The mining engineer’s office, where I was to work, was on the top floor of a building in the financial district. The other occupants of the building were successful lawyers, real estate men, brokers and lumbermen, most of whom Mary seemed to know quite well.

In the lobby she introduced me to about fifteen assorted men and women and explained that she had just brought me down out of the mountains to take her place as private secretary to Mr. Webster. In her enthusiasm she made it sound a little as though she had had to wing me to get me down out of the trees and I felt that I should have taken a few nuts and berries out of my pocket and nibbled on them just to keep in character.

When we got out of the elevator, I took Mary to task for this. “Listen, Mary,” I said. “I have little enough self-confidence, and your introducing me to all those people in the lobby as the little Mowgli of the Pacific Coast didn’t help any.” Mary said, “You’re just lucky I didn’t ask you to show them some of your old arrow wounds. Anyway, what difference does it make? Most of those people have such dull lives I feel it my duty to tell them a few lies every morning just to cheer them up.”

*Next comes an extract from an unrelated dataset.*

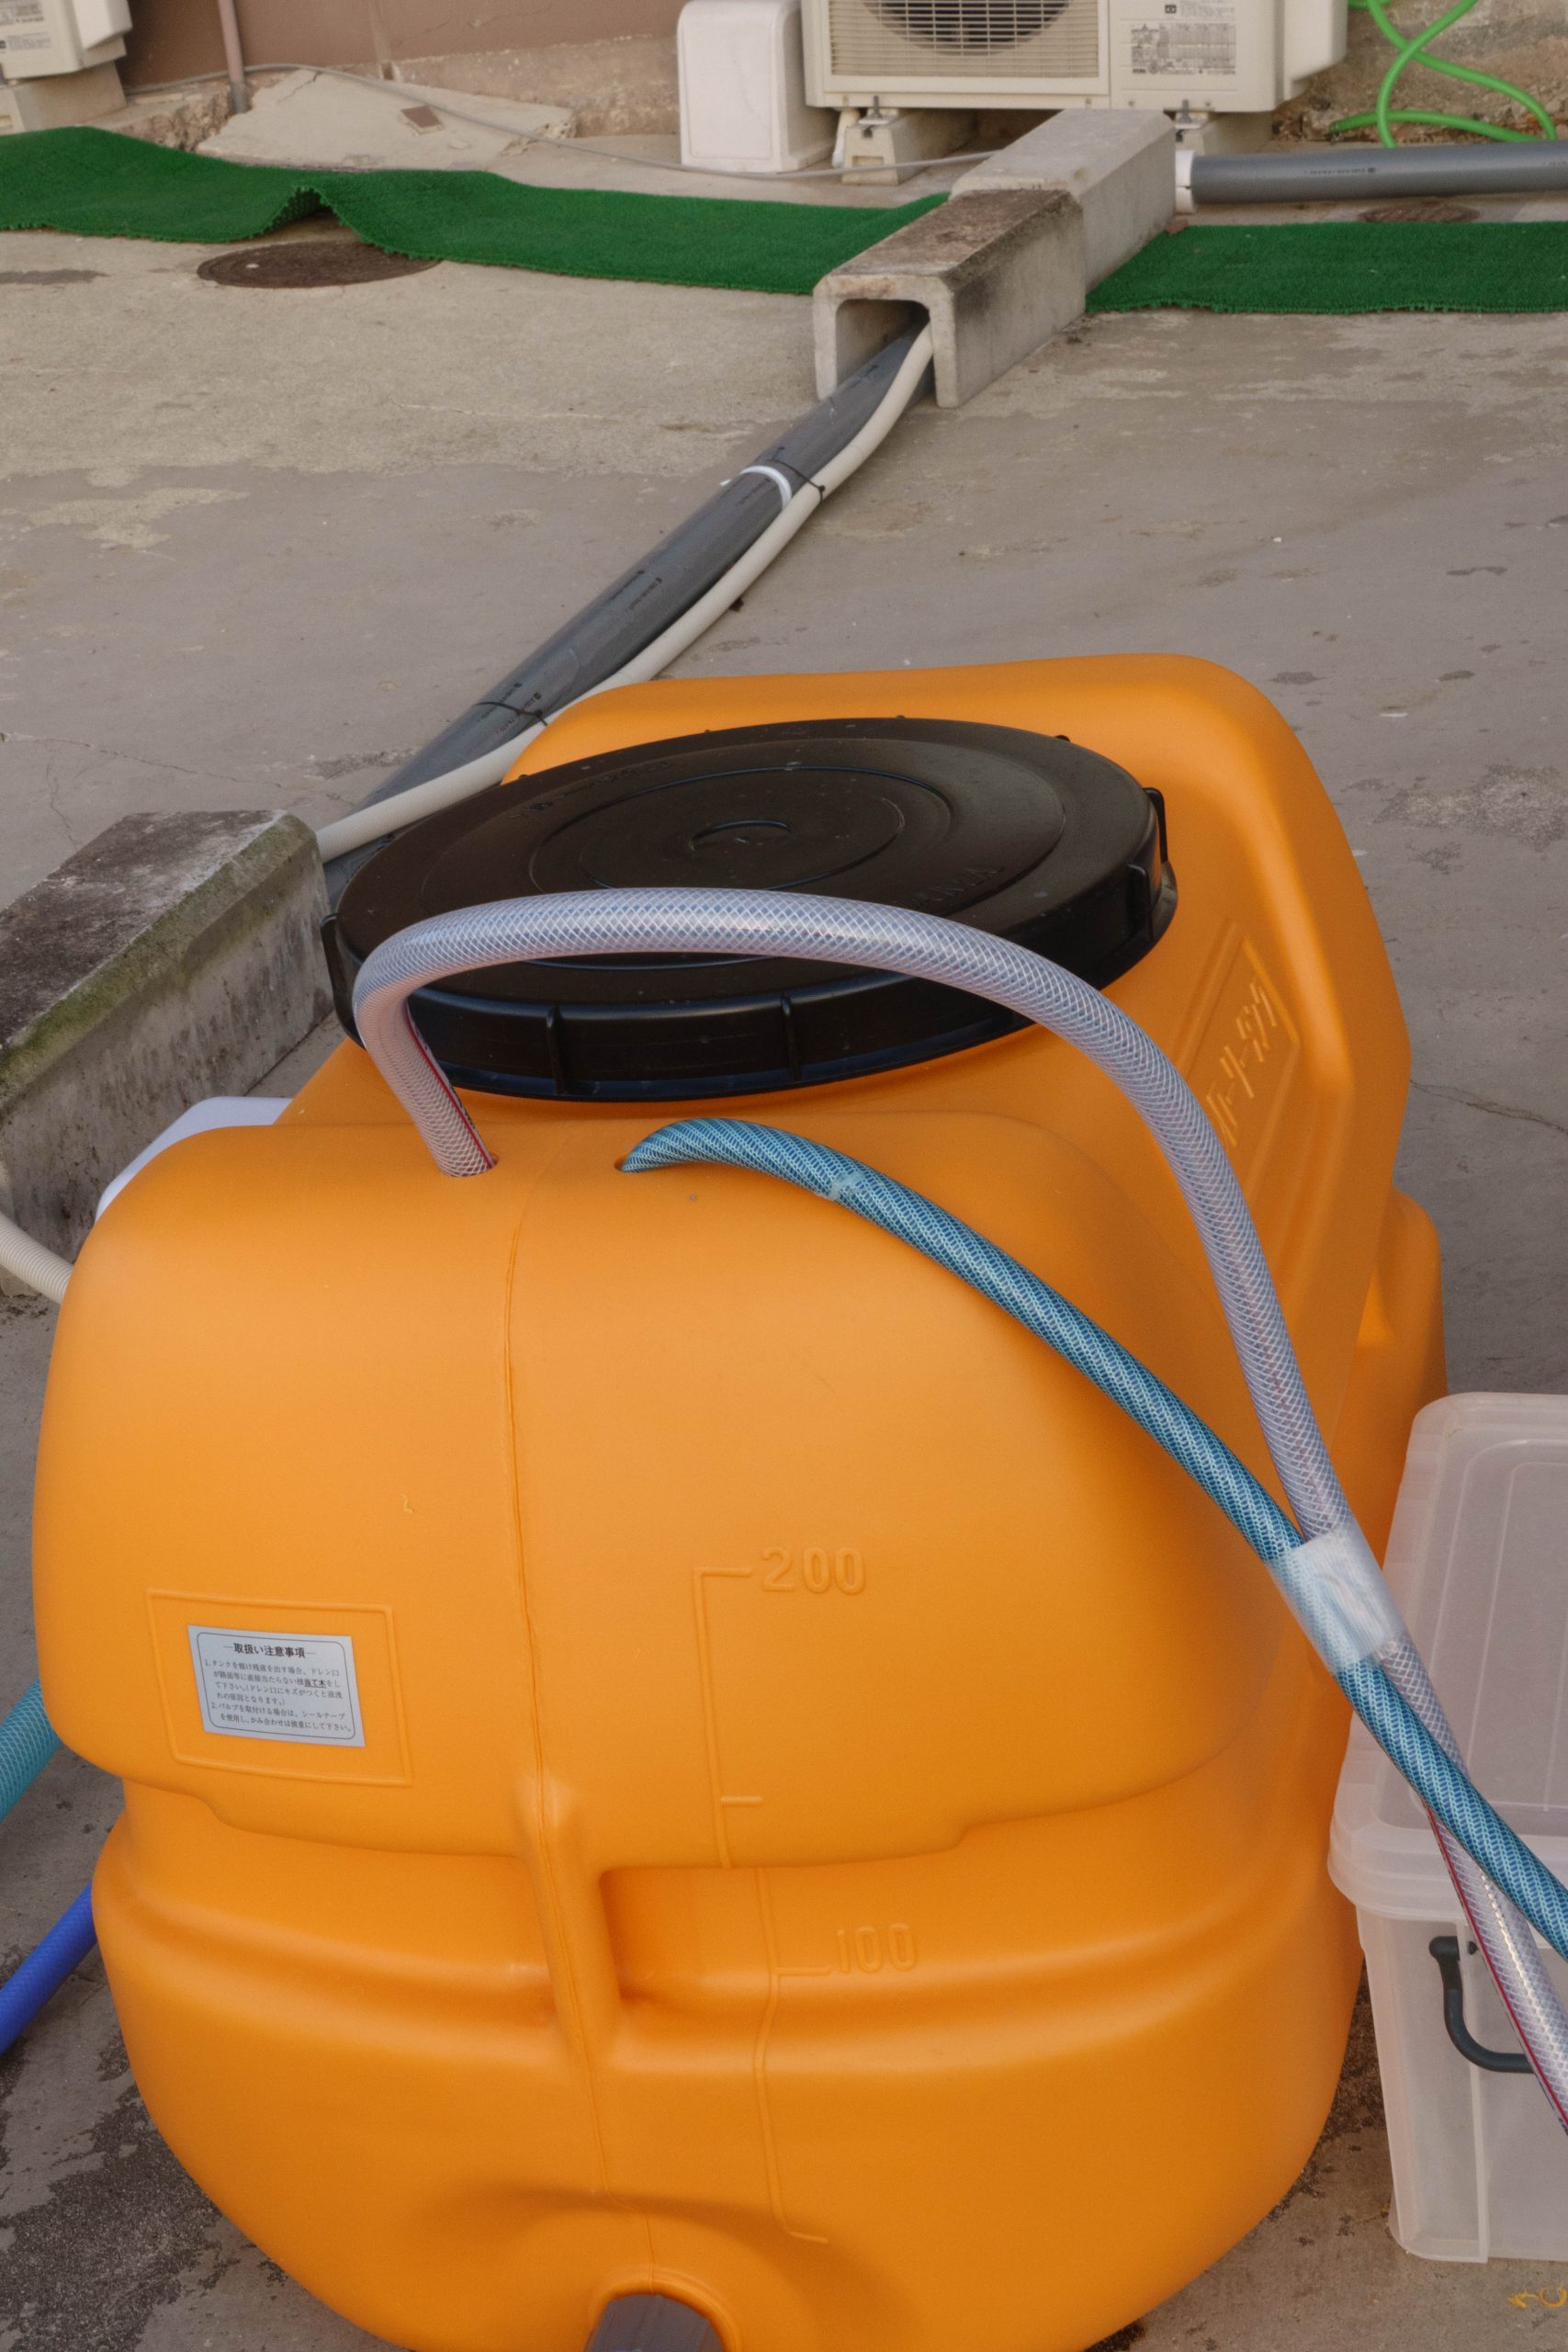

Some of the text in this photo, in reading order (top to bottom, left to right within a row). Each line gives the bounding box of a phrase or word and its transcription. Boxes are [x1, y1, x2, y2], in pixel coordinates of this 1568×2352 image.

Mr. Webster’s offices were luxuriously furnished in mahogany and oriental rugs and had a magnificent view of the docks, Puget Sound, some islands and the Olympic Mountains. My little office was also the reception room and after Mary had showed me where to put my hat and coat and how to get the typewriter to spring up out of the desk, I wanted to sit right down and begin to practice my typing.

Mary would have none of it. Sitting herself down at Mr. Webster’s desk and lighting a cigarette, she said, “Stop being so nervous and watch me. Learn how to act in an office.” I said, “I wouldn’t be so nervous if I knew what time Mr. Webster gets here.” Mary said, “Oh, he’s out of town and won’t be back for two weeks.” My sigh of relief almost blew some rocks off his desks. “Does he know about me?” I asked. “Nope,” said Mary, opening the mail, glancing at it and throwing most of it in the wastebasket. “You’re going to be a surprise.”

The phone rang. Mary answered it in a low well-modulated voice and Standard English. “Mr. Websteh’s office, Miss Bahd speaking,” she said. Somebody on the other end of the wire said something and Mary said, “Well, you big stinker, what do you expect when you don’t call until eight-thirty Saturday night?”

While she talked to the big stinker, who she later said could take her to lunch, I roamed around the office, examining the files, looking into drawers, opening cupboards, unrolling maps, reading the titles of some of the books in the enormous mining library and looking at the view.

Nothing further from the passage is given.